The area under the receiver operating curve (AUC), or c-statistic, is the area under the curve created by plotting sensitivity against 1-specificity at various thresholds. The AUC is a common measure of the discriminative ability of a risk models but is invariant to the calibration of predicted probabilities. For the multinomial outcome, the AUC was reported as the average of the AUC of each level against the other levels, weighted by the observed proportion of each level [36].

Diagnostic accuracy measures

As none of the probabilistic performance measures lend themselves to straightforward clinical interpretation, traditional diagnostic accuracy measures were produced for the two binary outcomes to better judge the clinical importance of performance differences. Two separate thresholds were explored, the first fixing the sensitivity at 80% and the second setting the threshold at the 80th percentile of the predicted probability distribution of the testing data. Sensitivity, specificity, positive and negative likelihood ratios, and the diagnostic odds ratio were reported.

Performance testing

Performance was measured by calculating the performance metrics on predictions for the previously unseen calendar year 2016 assessment data. Statistical analysis was performed using pairwise paired t-tests of the difference in logarithmic score with Hochberg’s correction for multiple comparisons. The statistical analysis and the assessment of the clinical importance of predictive differences was performed using results from the best training method for a given outcome and predictive method. ROC curves were drawn for the binary outcomes using the best performing training method.

Sensitivity analysis

We assessed the impact of our exclusion of predictors based on the conditional inference forest variable importance measure by comparing the logarithmic score obtained using the full set of predictors to the logarithmic score produced using the reduced set that was utilized in the main analysis.
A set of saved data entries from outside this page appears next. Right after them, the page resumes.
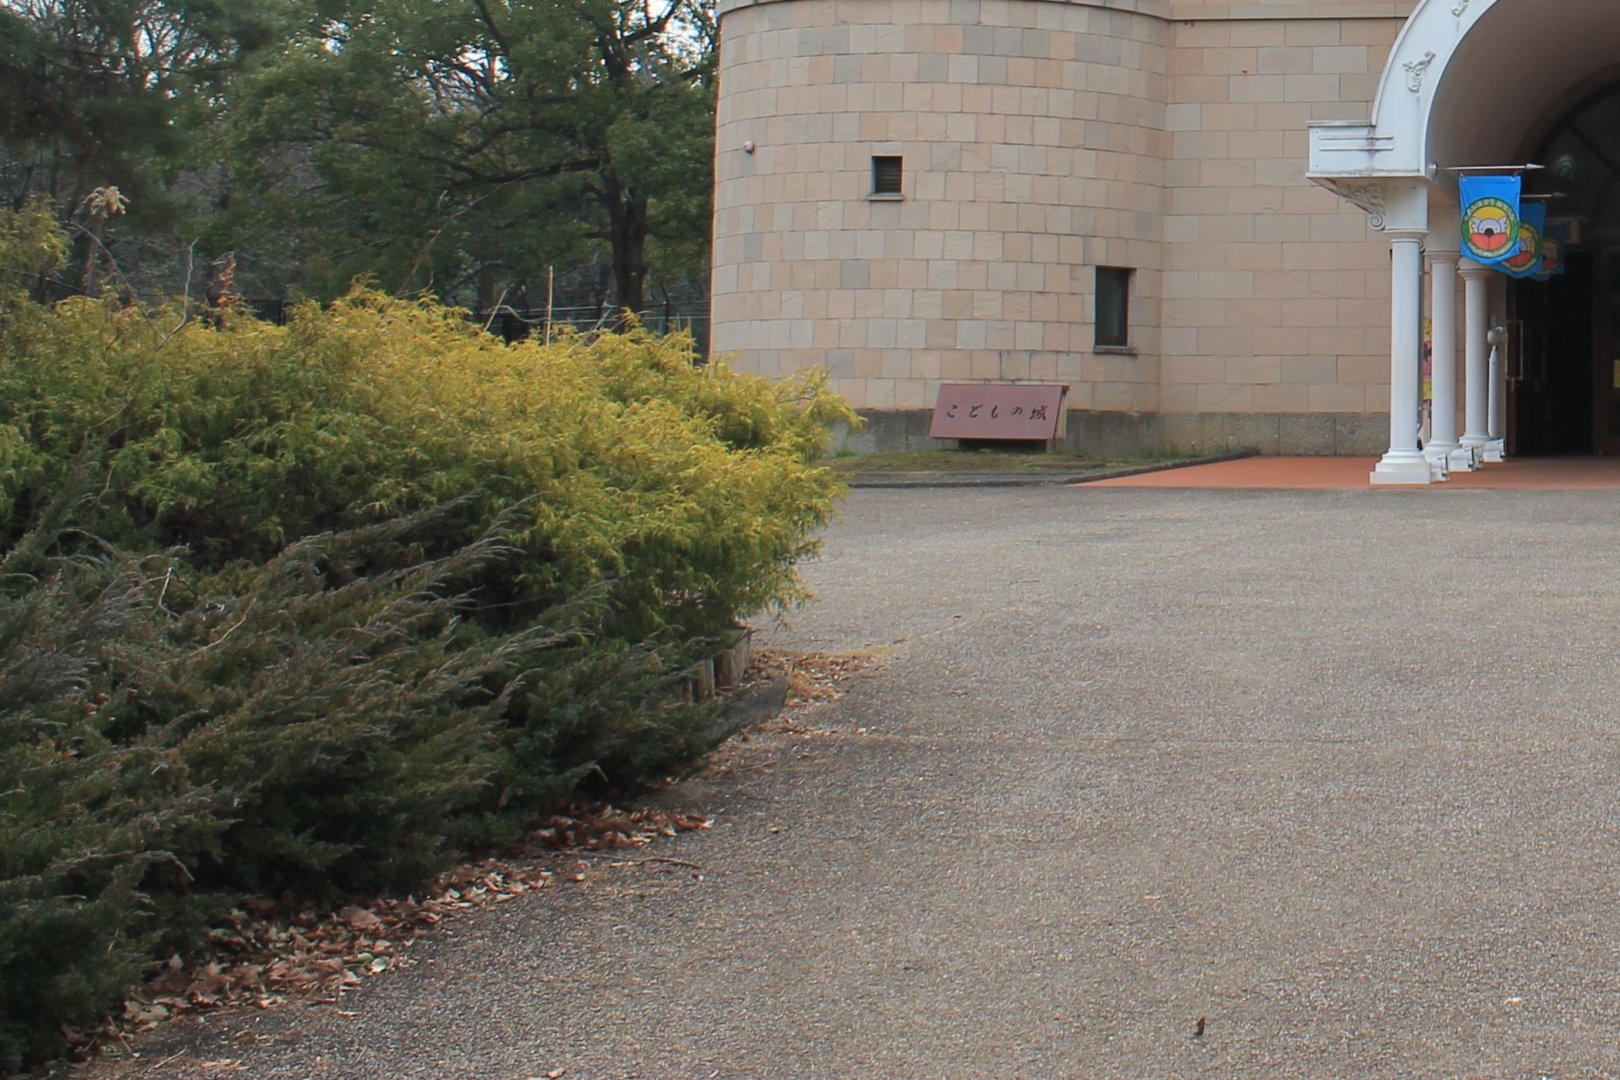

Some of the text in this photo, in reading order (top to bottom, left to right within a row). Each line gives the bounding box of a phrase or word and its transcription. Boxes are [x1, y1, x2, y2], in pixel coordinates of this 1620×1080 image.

[946, 404, 1048, 421] こどもの城
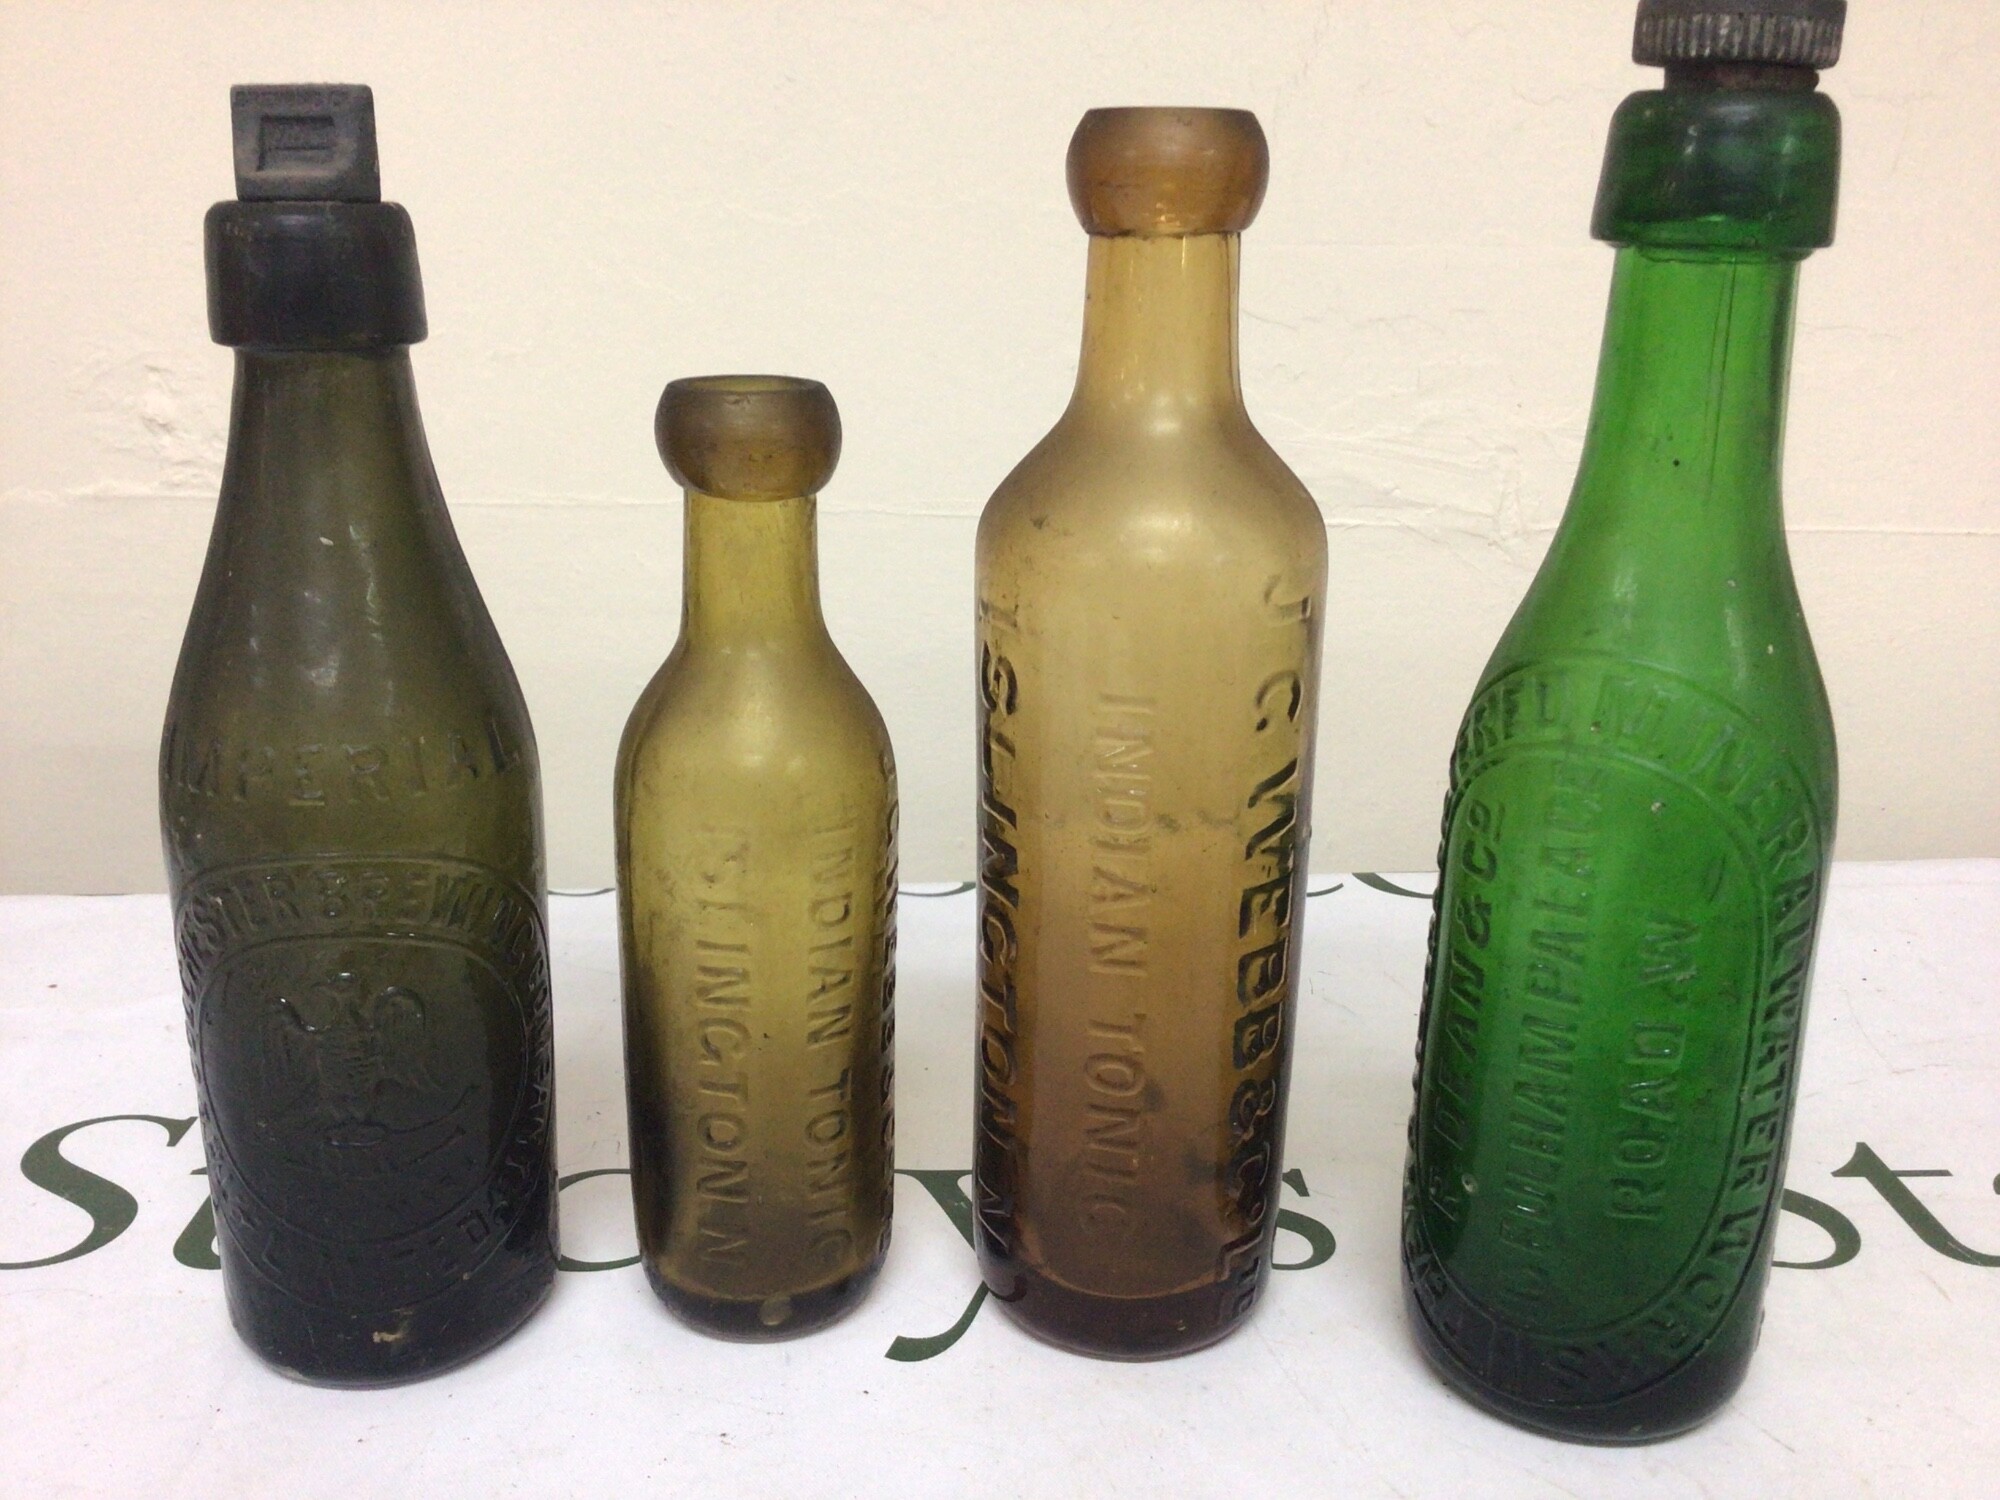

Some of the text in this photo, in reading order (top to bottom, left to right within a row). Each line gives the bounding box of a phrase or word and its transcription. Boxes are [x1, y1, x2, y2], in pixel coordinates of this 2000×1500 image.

[696, 823, 752, 1206] ISLINGTON
[806, 822, 858, 1268] INDIAN TONIC
[1081, 692, 1158, 1236] INDIAN TONIC
[1731, 961, 1805, 1192] WATER
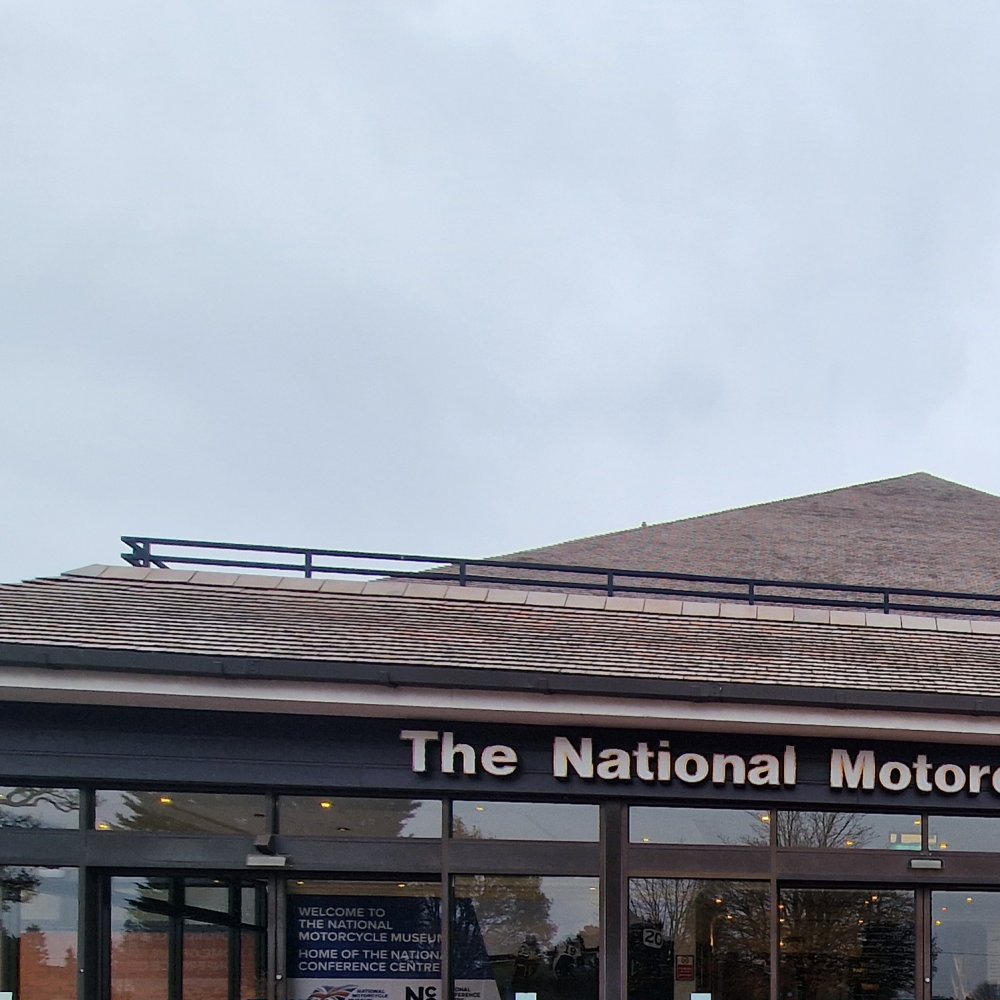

Comparisons were made for logistic regression and random forests with default parameter settings using the training method that only considered 2015 data.

Results

We identified 88,364 RAI-HC assessed cases between January 1st, 2014 and December 31st, 2016 for inclusion in the study. There were 19 cases (0.02%) with missing data that were removed from the analysis, reducing the final number to 88,345. The number of cases increased slightly each year: 29,132 in 2014, 29,278 in 2015, and 29,935 in 2016. A descriptive clinical profile of the community care patients in the study can be found in Table 1. Patients tended to be elderly with a median age of 82 years. A majority of patients were female (62.3%). Impairments in function (66.7%) and cognition (67.4%) were common, as were cardiovascular (52.4%) and musculoskeletal disease (66.3%).

Table 1

Characteristics of study participants.

Year of Assessment	2014 (n = 29,132)	2015 (n = 29,278)	2016 (n = 29,935)
Year of Assessment	n(%)	n(%)	n(%)
Demographic Characteristics
Age (Median (IQR))	82 (16)	82 (16)	82 (16)
Sex (F)	18,497 (63.49)	18,301 (62.51)	18,250 (60.97)
Lives Alone	10,169 (34.91)	9,985 (34.10)	10,050 (33.57)
Health Characteristics
ADL Impairment^a	18,489 (63.47)	19,423 (66.34)	21,004 (70.17)
Cognitive Impairment^b	18,789 (64.50)	19,776 (67.55)	20,958 (70.01)
Fall in last 90 days	12,104 (41.55)	13,051 (44.58)	14,181 (47.37)
Bladder Incontinence	12,393 (42.54)	12,728 (43.47)	13,315 (44.48)
Poor Self-Reported Health	5,956 (20.44)	6,253 (21.36)	8,173 (27.30)
Dyspnea	8,191 (28.12)	8,492 (29.00)	9,047 (30.22)
Mood Symptoms^c	12,843 (44.09)	13,644 (46.60)	15,239 (50.91)
Aggressive Behaviour^d	2,659 (9.13)	3,057 (10.44)	3,650 (12.19)
Wandering	803 (2.76)	9,37 (3.20)	1,101 (3.68)
Number of Medications (Mean (SD))	7.40 (2.33)	7.41 (2.32)	7.37 (2.34)
Informal Caregiver Status
Caregiver expresses distress^e	6,093 (20.92)	6,743 (23.03)	9,507 (31.76)
Informal care hours per day (Mean (SD))	19.57 (22.11)	19.47 (21.87)	20.32 (23.92)
Diagnoses
Cardiovascular^f	15,053 (51.67)	15,301 (52.26)	15,958 (53.31)
Dementia	6,869 (23.58)	7,280 (24.87)	7,915 (26.44)
Neurological^g	2,981 (10.23)	3,341 (11.41)	3,961 (13.23)
Musculoskeletal^h	19,141 (65.70)	19,389 (66.22)	20,028 (66.90)
Psychiatricⁱ	5,995 (20.58)	6,408 (21.89)	7,183 (24.00)
Cancer	3,669 (12.59)	3,779 (12.91)	4,014 (13.41)
Diabetes	7,700 (26.43)	7,754 (26.48)	8,316 (27.78)
COPD	5,464 (18.76)	5,581 (19.06)	5,793 (19.35)

aADL Long Form > 0.

bCognitive Performance Scale > 0.

cDepression Rating Scale > 0.

dVerbal abuse, physical abuse, socially inappropriate behavior, or resistance to care in last 3 days.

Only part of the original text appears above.